PERRY, District Judge.

Before the court are two petitions for removal. Both petitions relate to contempt proceedings against each of the petitioners, therein named, based on certain testimony given by each of them in the Criminal Court of Cook County, Illinois, in a certain case entitled, "People of the State of Illinois v. William A. Taylor and Otis Peek, Jr.," numbered therein Criminal Action No. 59-2322. (That case will hereinafter be referred to as the "Taylor case".) Both petitions for removal to this court are founded on Section 1442(a), Title 28 of the United States Code.

Case No. 59 C 1515

In Case No. 59 C 1515 in this court, the petitioners are Theodore J. Heisig and Edward A. Cass and their petition for removal reads as follows:

"1. That on September 16, 1959, the trial of a criminal matter entitled People of the State of Illinois vs. William A. Taylor and Otis Peek, Jr., was commenced in the Criminal Court of Cook County and State of Illinois wherein the aforementioned defendants were charged with the sale and possession of a certain narcotic drug, to wit, heroin.
"2. That on September 16 and 17, 1959, your petitioners, Theodore J. Heisig and Edward A. Cass, were subpoenaed as witnesses and did testify on behalf of the People of the State of Illinois in the aforesaid criminal matter.
"3. That at all times mentioned in the aforesaid court action your petitioners were officers of the United States Government, to wit, United States Treasury Enforcement Agents assigned to the Bureau of Narcotics, and at the time and place of their testimony in the aforesaid action were acting solely under the right and color of their office and in pursuance of their official duties as such agents.
"4. That as a result of the testimony given by your petitioners in the aforesaid case your petitioners were summarily cited for contempt of court on September 17, 1959.
"5. No service of process was at any time made upon your petitioners nor have any pleadings been served upon your petitioners.
"6. That the time for your petitioners to remove this cause to the United States District Court has not yet expired.
"7. This petition for removal of this cause from the Criminal Court of Cook County, Illinois, to the United States District Court for the Northern District of Illinois, Eastern Division, is founded upon Section 1442(a), Title 28, United States Code.
"8. This petition is accompanied by bond with good and sufficient surety that your petitioners, and each of them, will pay all costs and disbursements by reason of these removal proceedings in the event that determination is made that this action is not removable or is improperly removed.
"Wherefore, your petitioners, Theodore J. Heisig and Edward A. Cass pray that this action be removed from the Criminal Court of Cook County, Illinois, to this Court for hearing, trial and determination, as provided under Section 1442(a), Title 28, United States Code."
Case No. 59 C 1519

In case No. 59 C 1519 in this court, the petitioner is John Joseph Genarella. His petition, with the exception of paragraph 3 thereof, and some minor changes, is the same as that filed in case No. 59 C 1515. Paragraph 3 of his petition reads as follows:

"3. That at all times mentioned in the aforesaid court action your petitioner was a person acting under officers of the United States Government, to wit: United States Treasury Enforcement Agents assigned to the Bureau of Narcotics, and at the time and place of your petitioner's testimony in the aforesaid action, your petitioner was a person acting under an office (sic) of the United States, which officer was in pursuance of his official duties as United States Treasury Enforcement Agent."

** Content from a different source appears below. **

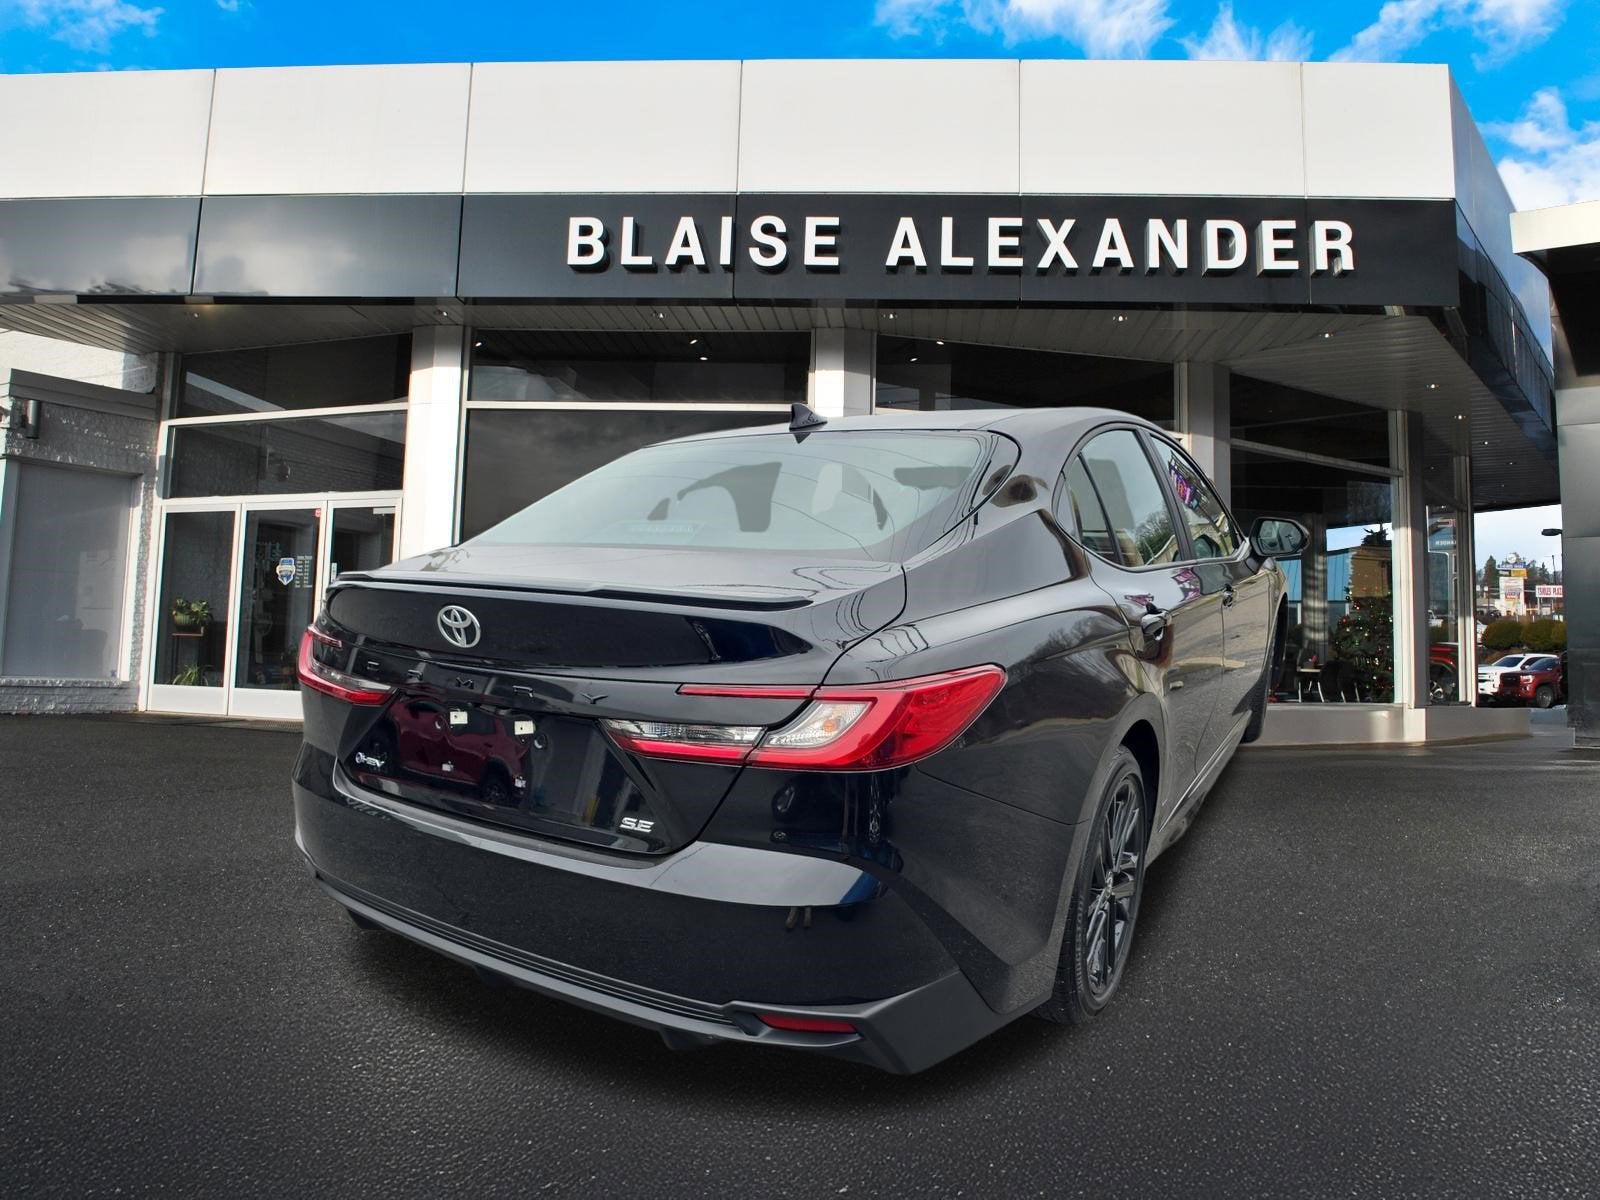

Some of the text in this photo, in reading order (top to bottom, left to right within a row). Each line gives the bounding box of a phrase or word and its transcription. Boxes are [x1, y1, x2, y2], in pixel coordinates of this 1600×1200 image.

[566, 215, 1355, 273] BLAISE ALEXANDER
[619, 816, 655, 833] SE
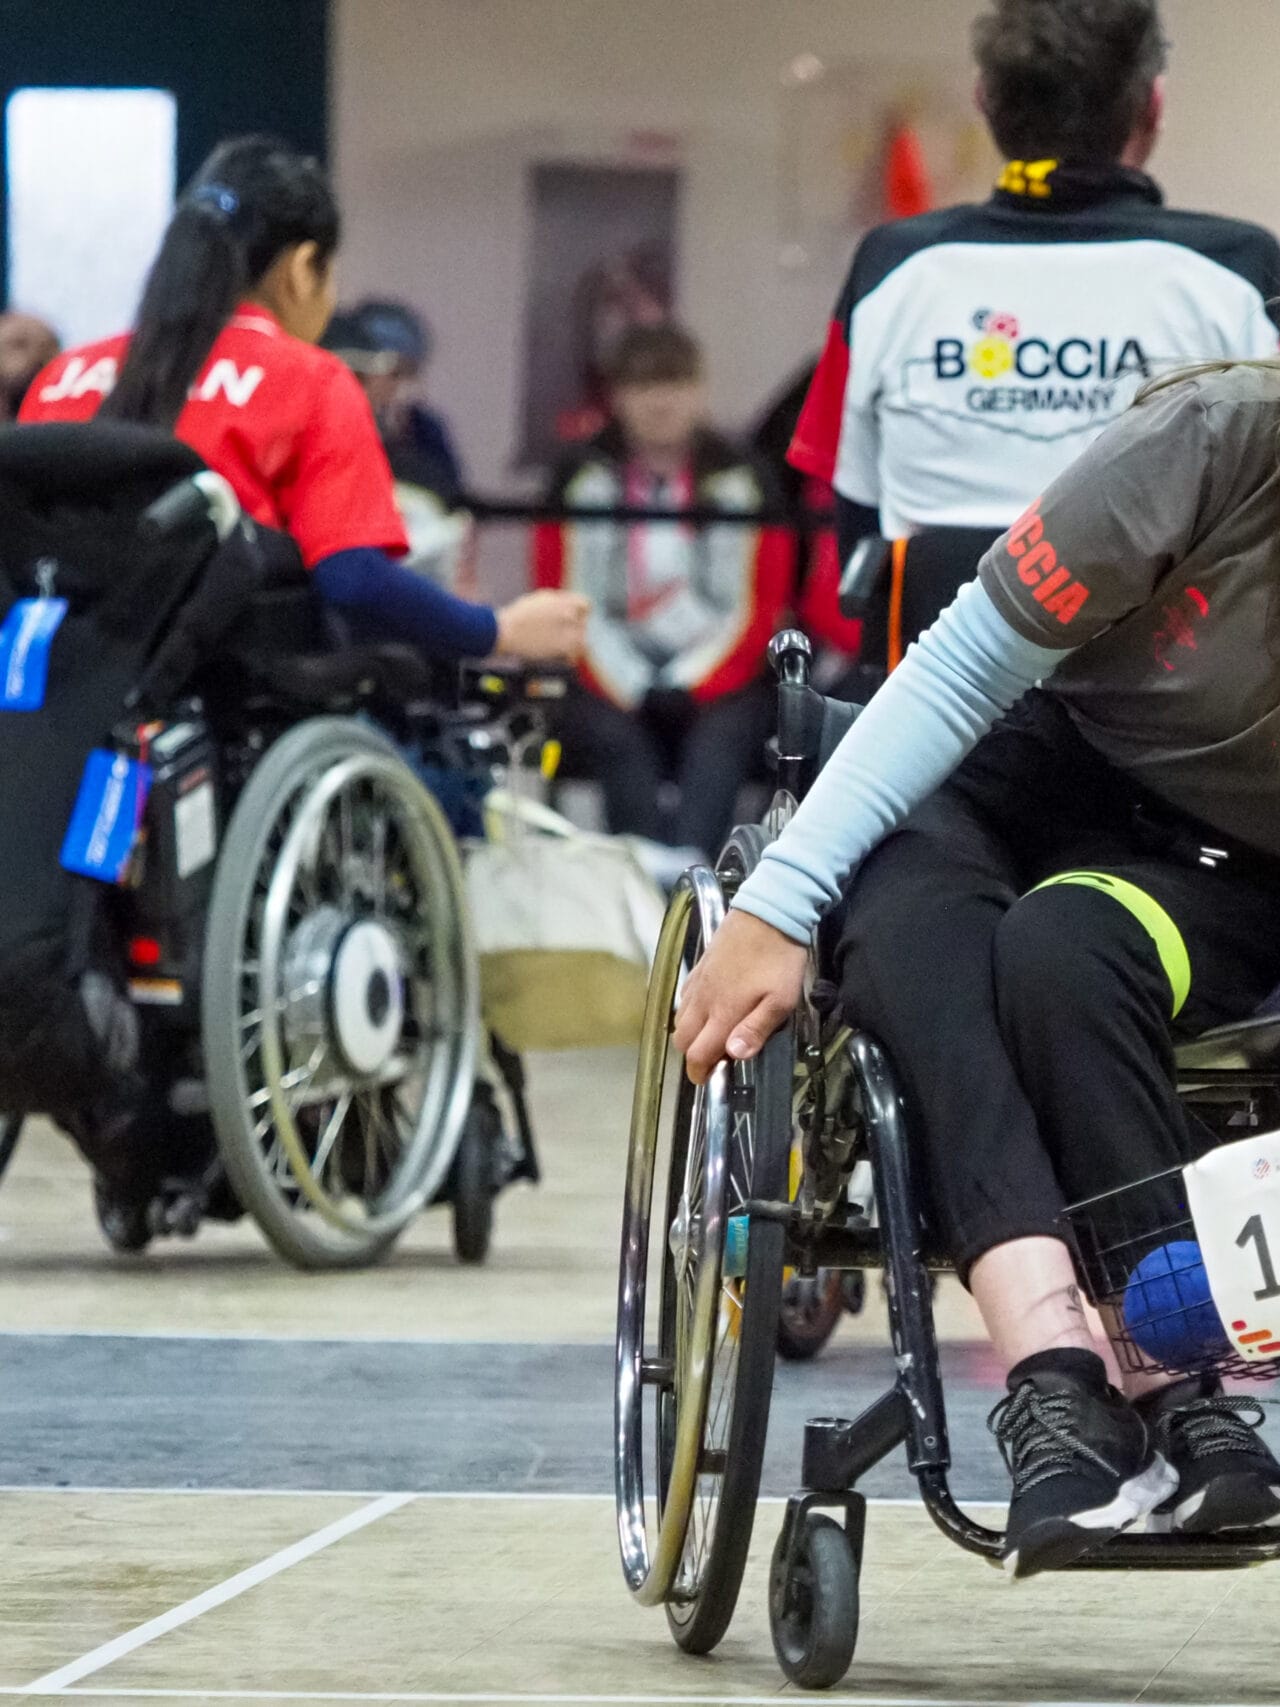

Pursuant to a writ of certiorari issued herein, a certified transcript of the record and proceedings had in the Criminal Court in the Taylor case, as well as the record of the contempt proceedings had against each of the petitioners herein, is now before this court.

It appears that on June 12, 1959, Agents Cass and Heisig arrested one William A. Taylor for the possession and sale of narcotic drugs; that at the trial of the case Agents Cass and Heisig and Special Employe Genarella each identified a person—then in the courtroom and on trial as a defendant in the case—as the William A. Taylor who had been so arrested; that the person so identified was called as a witness in his own behalf and testified that his name was William Taylor and that on June 12, 1959, he had been in the Cook County Jail where he had been continuously since May 22, 1959; that court records, as well as the testimony of Warden Johnson, called to testify in the matter, substantiated the defendant's assertion that he had been in jail continuously since May 22, 1959, and so could not have been the person arrested by the agents on June 12, 1959.

It further appears that both William Taylor and William A. Taylor were brought into court, whereupon each of the petitioners herein, when called to the stand and asked to identify the man who had been arrested on June 12, 1959, pointed to William A. Taylor and admitted that the previous identification of William Taylor had been erroneous.

At this point it should be observed that the two Taylors, in addition to bearing similar names, appear to have been very similar in appearance. Both men were of the Negro race with brown eyes, black hair, and a mustache. William was 5' 4" and weighed about 130 pounds while William A. was 5' 5" and weighed about 135 pounds.

It further appears that on September 17, 1959, Judge Covelli of the Criminal Court, having indicated his intention to hold each of the petitioners herein in contempt of court on the ground that their testimony had been perjurious, sentenced each of them to a term of six months in the Common Jail of Cook County, Illinois, for direct contempt of court, and continued the cases until 2:00 o'clock on the next day, September 18, 1959, for disposition.

It further appears that the petitions for removal to this court were filed in this court at 10:00 o'clock A.M. on September 18, 1959; that at 10:05 o'clock A.M. on the same day an order of removal was entered by this court, and that at 1:45 o'clock P.M. on September 18th copies of the aforesaid writ of certiorari were served on said Judge Covelli and the Clerk of the Criminal Court of Cook County, and the cause was removed to this court for further proceedings.

A careful examination of the petitions for removal and of the aforesaid transcript and records caused this court, sua sponte, to question the propriety of the removal to this court of these two cases and of this court's jurisdiction to proceed to a hearing on the merits of the two cases.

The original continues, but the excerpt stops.